Stored data
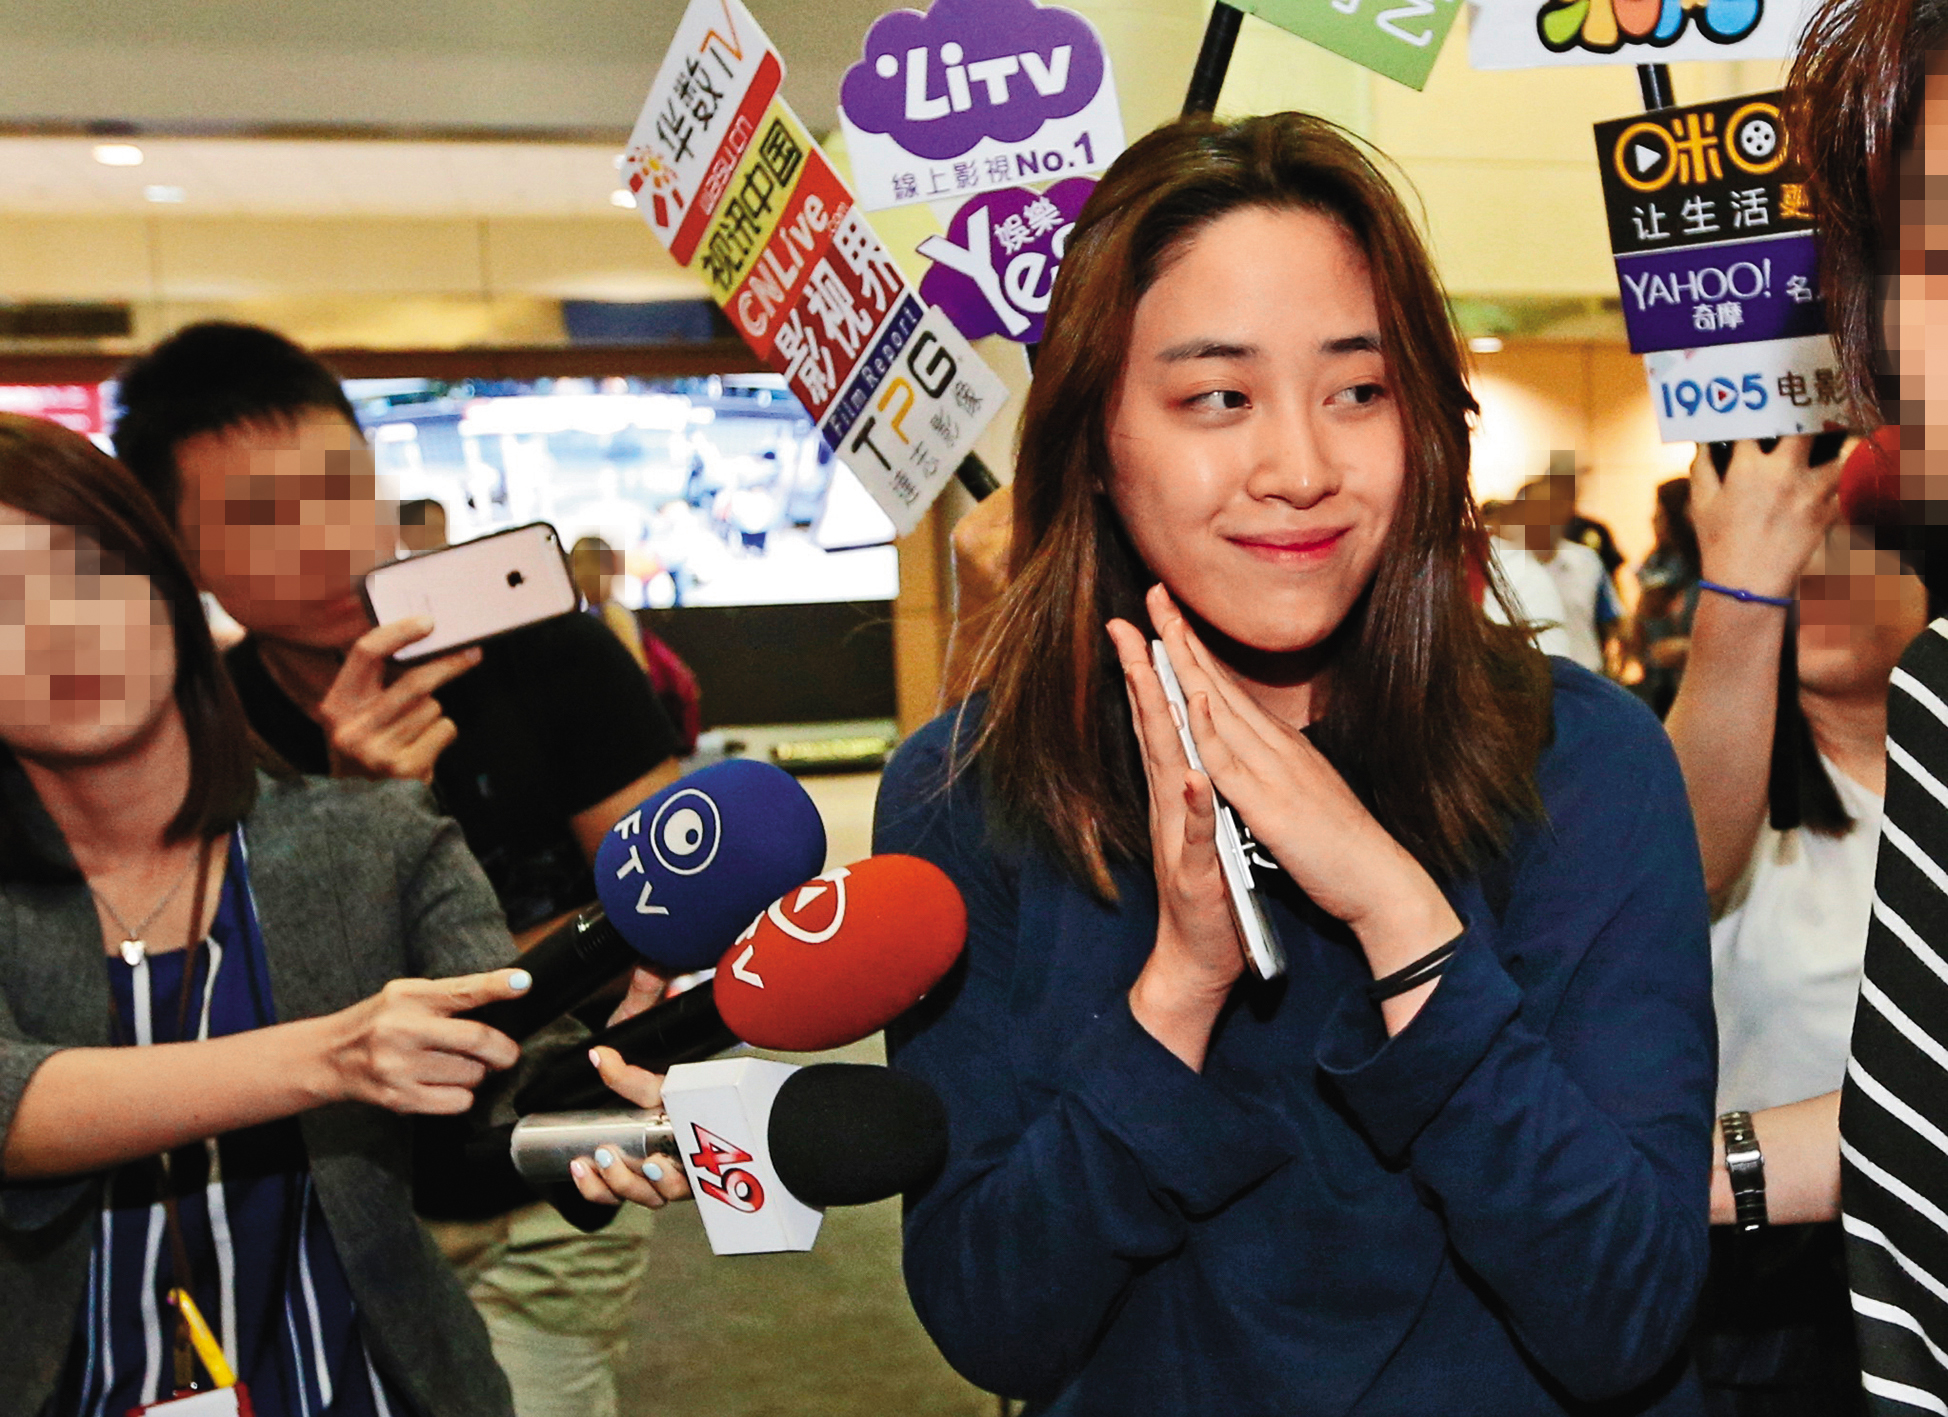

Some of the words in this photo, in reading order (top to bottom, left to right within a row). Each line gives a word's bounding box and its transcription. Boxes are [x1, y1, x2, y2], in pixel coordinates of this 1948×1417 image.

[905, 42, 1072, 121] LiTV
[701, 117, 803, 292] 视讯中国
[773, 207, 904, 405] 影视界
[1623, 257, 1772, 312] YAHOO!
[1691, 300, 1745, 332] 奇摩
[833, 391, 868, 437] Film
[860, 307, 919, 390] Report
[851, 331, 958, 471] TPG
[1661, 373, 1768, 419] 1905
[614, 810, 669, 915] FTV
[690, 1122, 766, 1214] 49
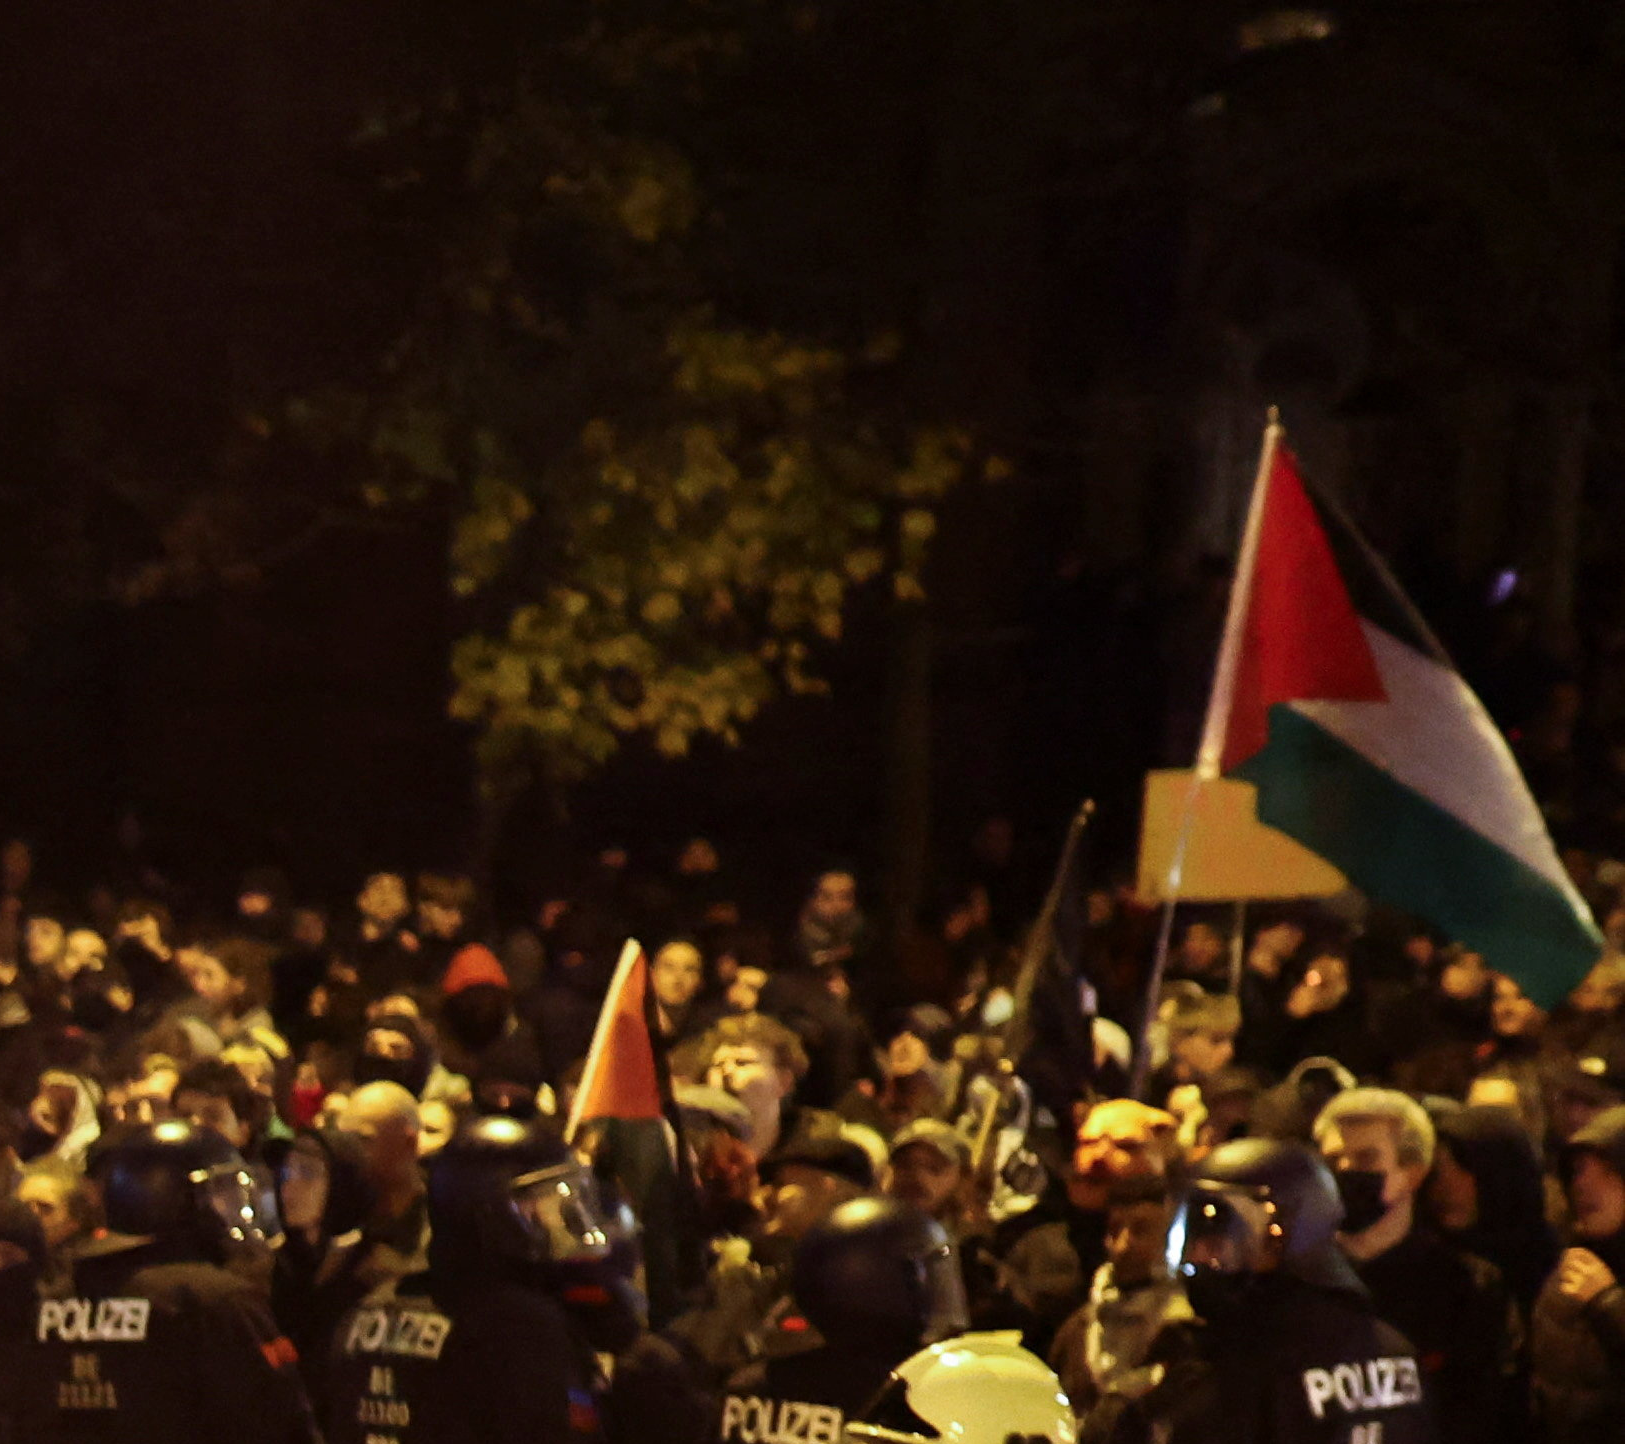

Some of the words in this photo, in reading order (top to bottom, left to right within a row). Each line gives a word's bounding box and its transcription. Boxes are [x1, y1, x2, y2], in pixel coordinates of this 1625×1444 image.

What this task involves
Produce a word-for-word copy of the records, omitting all images.

Exercise result
Some of the words in this photo, in reading order (top to bottom, left to right within a row). Each line gives a word's bounding box and its transcription. Boxes are [x1, y1, x2, y2], in pixel coordinates of this 1948×1417 image.

[905, 42, 1072, 121] LiTV
[701, 117, 803, 292] 视讯中国
[773, 207, 904, 405] 影视界
[1623, 257, 1772, 312] YAHOO!
[1691, 300, 1745, 332] 奇摩
[833, 391, 868, 437] Film
[860, 307, 919, 390] Report
[851, 331, 958, 471] TPG
[1661, 373, 1768, 419] 1905
[614, 810, 669, 915] FTV
[690, 1122, 766, 1214] 49

Some of the words in this photo, in reading order (top to bottom, left to right within a row). Each line gives a word's bounding box and its transcription. Boxes are [x1, y1, x2, y2], in pixel coordinates of this 1625×1444 image.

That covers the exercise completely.